§ **What is expected**:
Print every record exactly, omitting all pictures.

§ **Annotated photo localization data**:
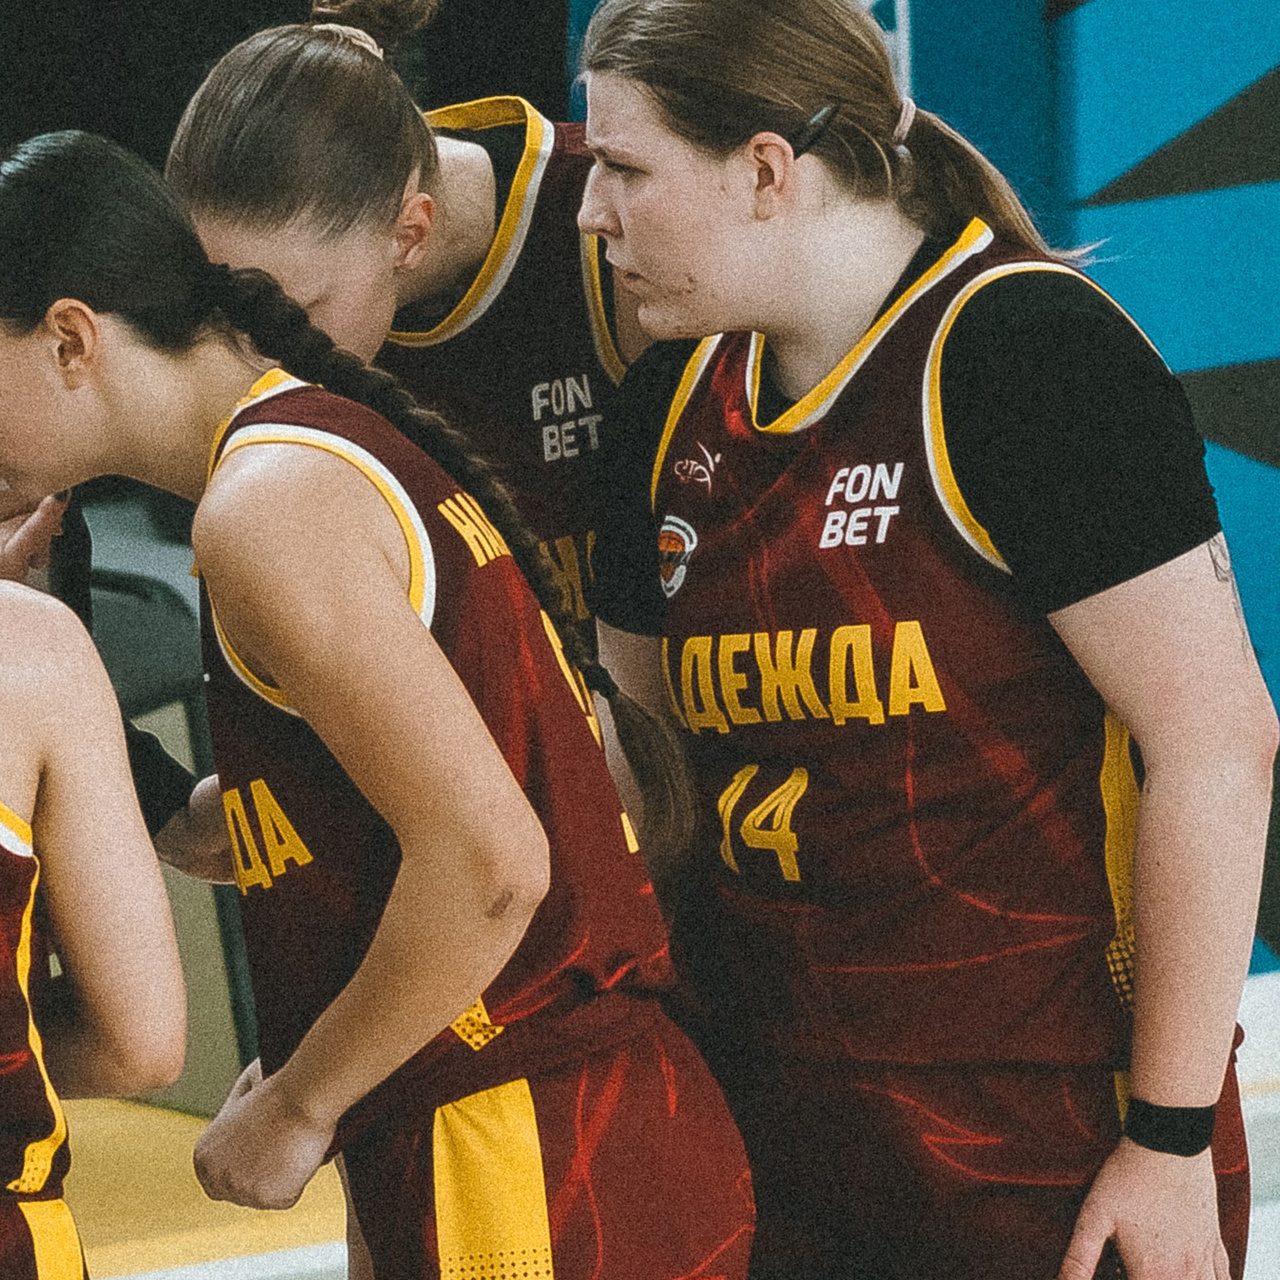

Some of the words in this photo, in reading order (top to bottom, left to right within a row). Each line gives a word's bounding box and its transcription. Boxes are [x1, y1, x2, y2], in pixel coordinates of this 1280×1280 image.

[531, 373, 592, 422] FON
[542, 413, 603, 462] BET
[826, 462, 905, 506] FON
[820, 506, 899, 548] BET
[662, 620, 947, 735] ДЕЖДА
[718, 764, 809, 882] 14
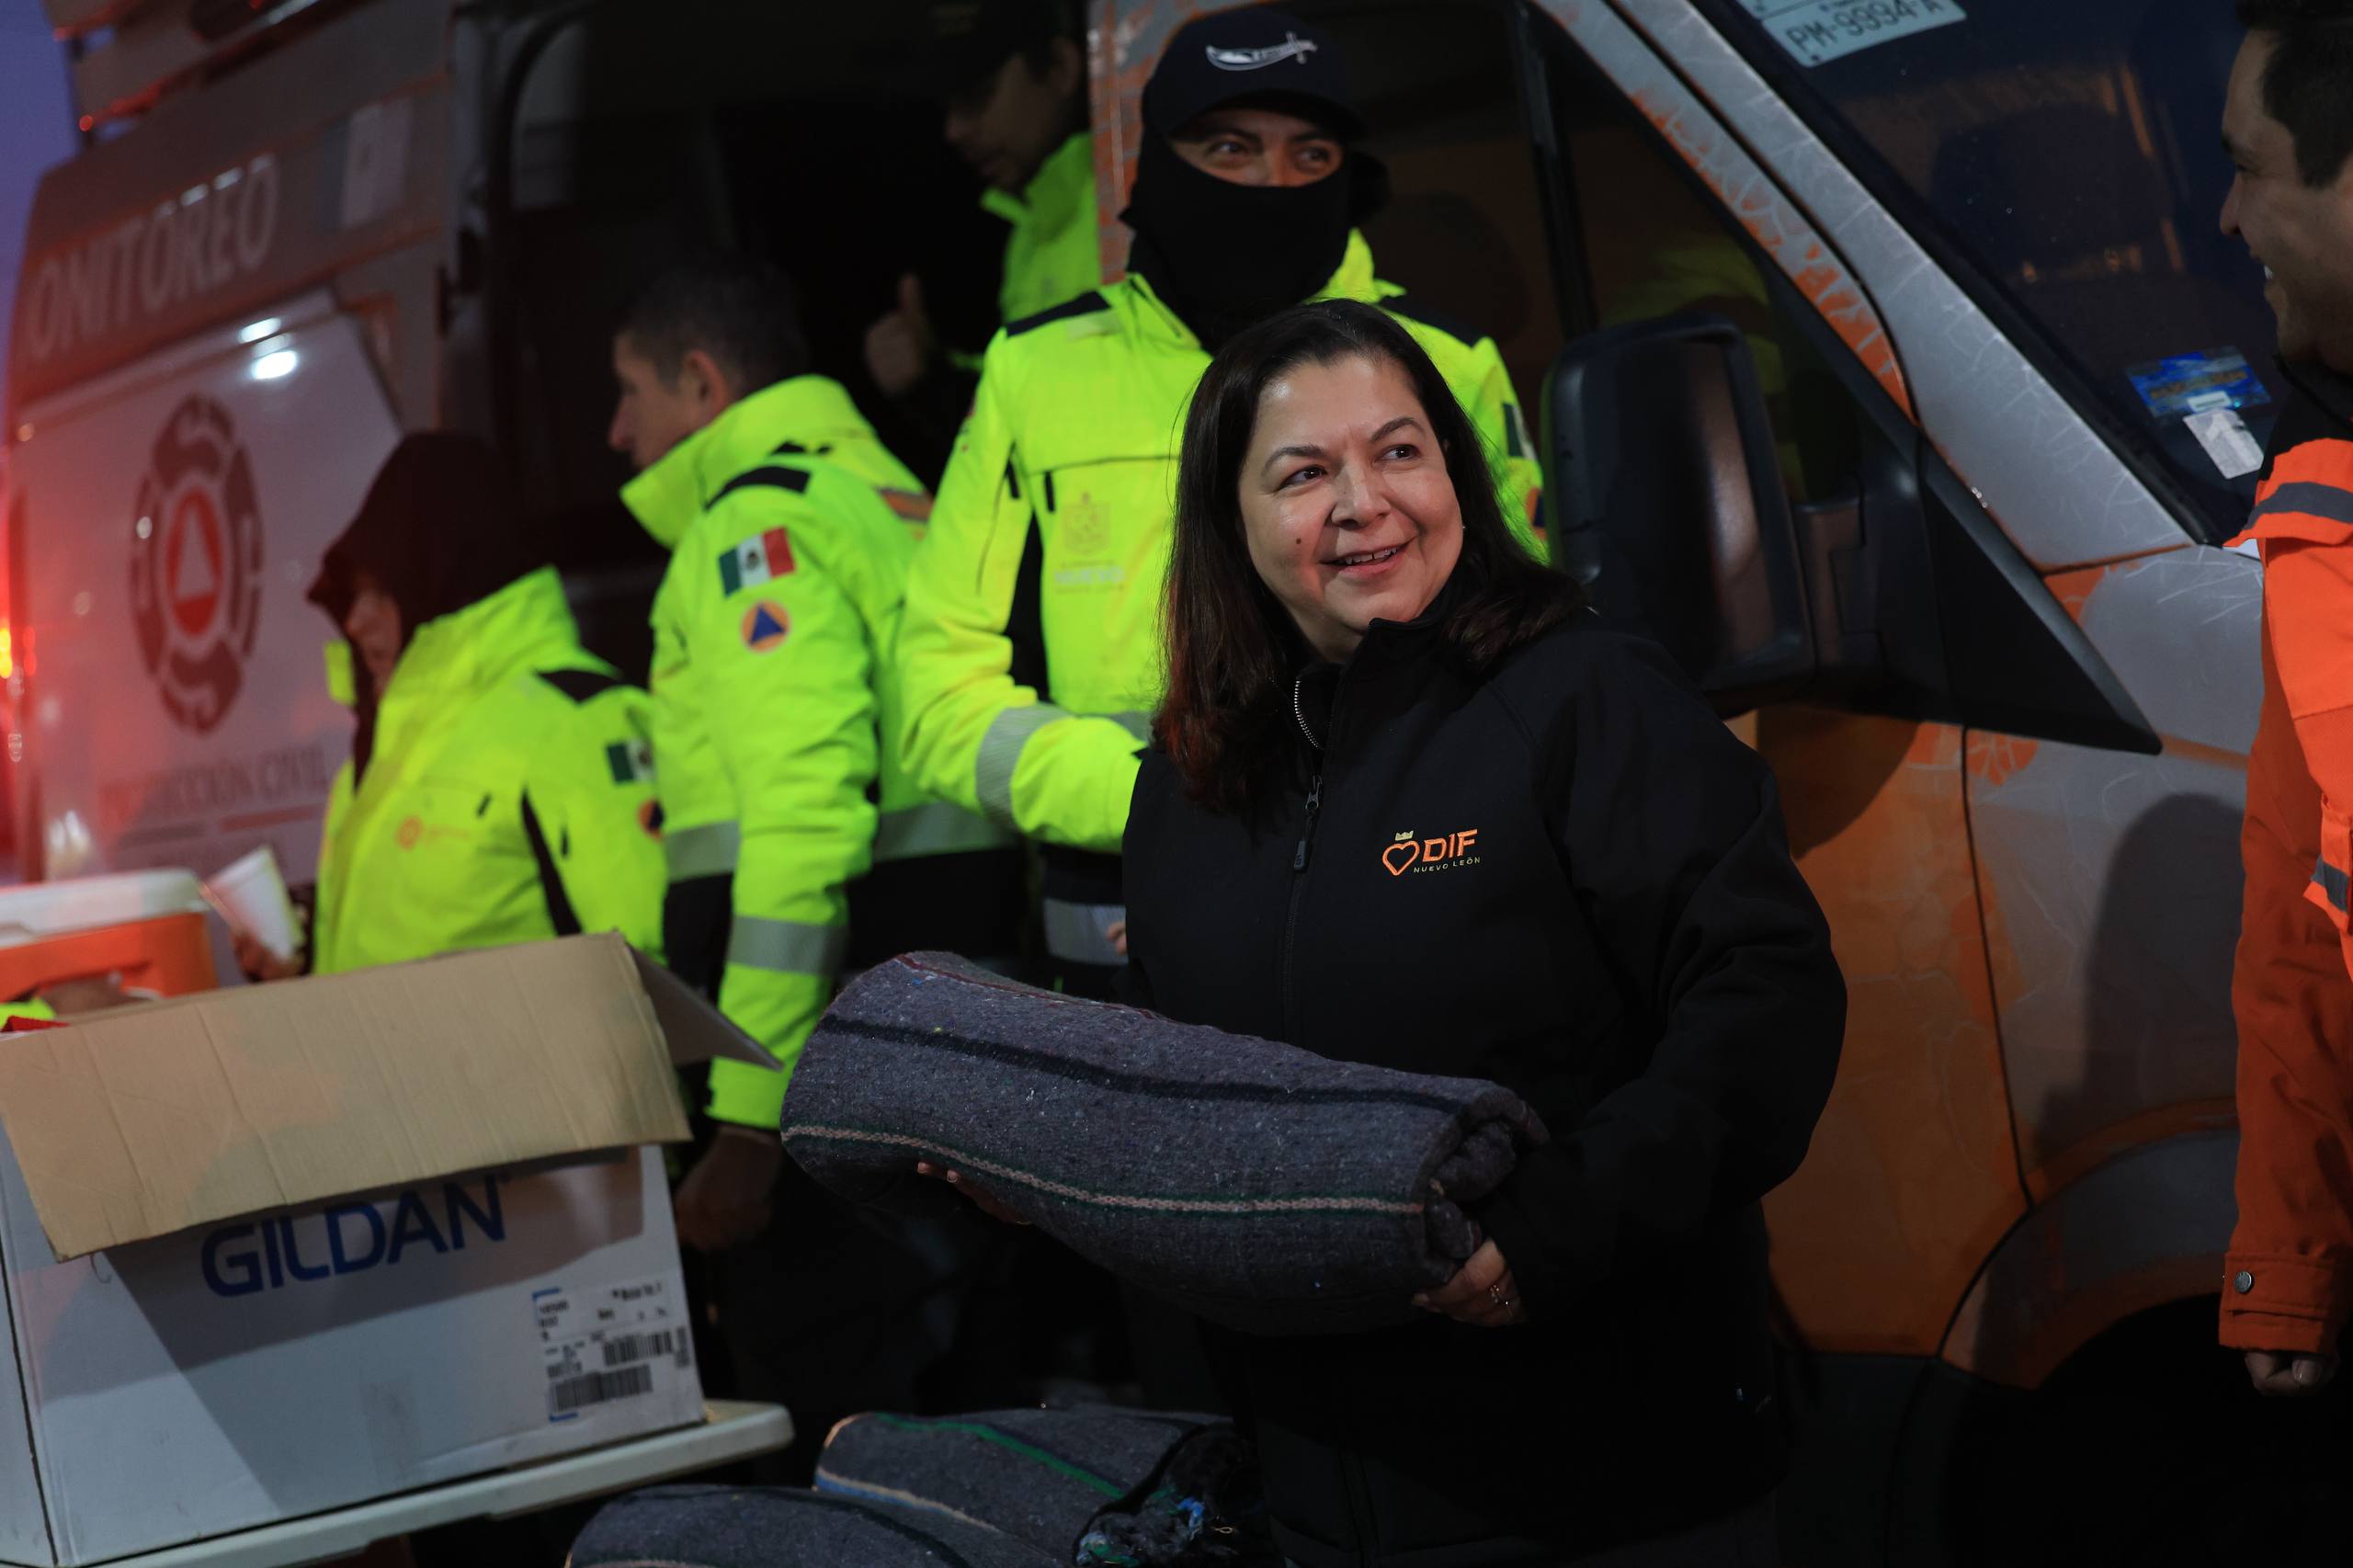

§ **Answer box**:
Some of the words in this photo, in reading order (top to bottom, left to right within a row). Each line gives a word's bounding box and its transcription. Boxes are [x1, y1, x2, y2], in pixel coordinates of this 1280×1280 image.

[531, 373, 592, 422] FON
[542, 413, 603, 462] BET
[826, 462, 905, 506] FON
[820, 506, 899, 548] BET
[662, 620, 947, 735] ДЕЖДА
[718, 764, 809, 882] 14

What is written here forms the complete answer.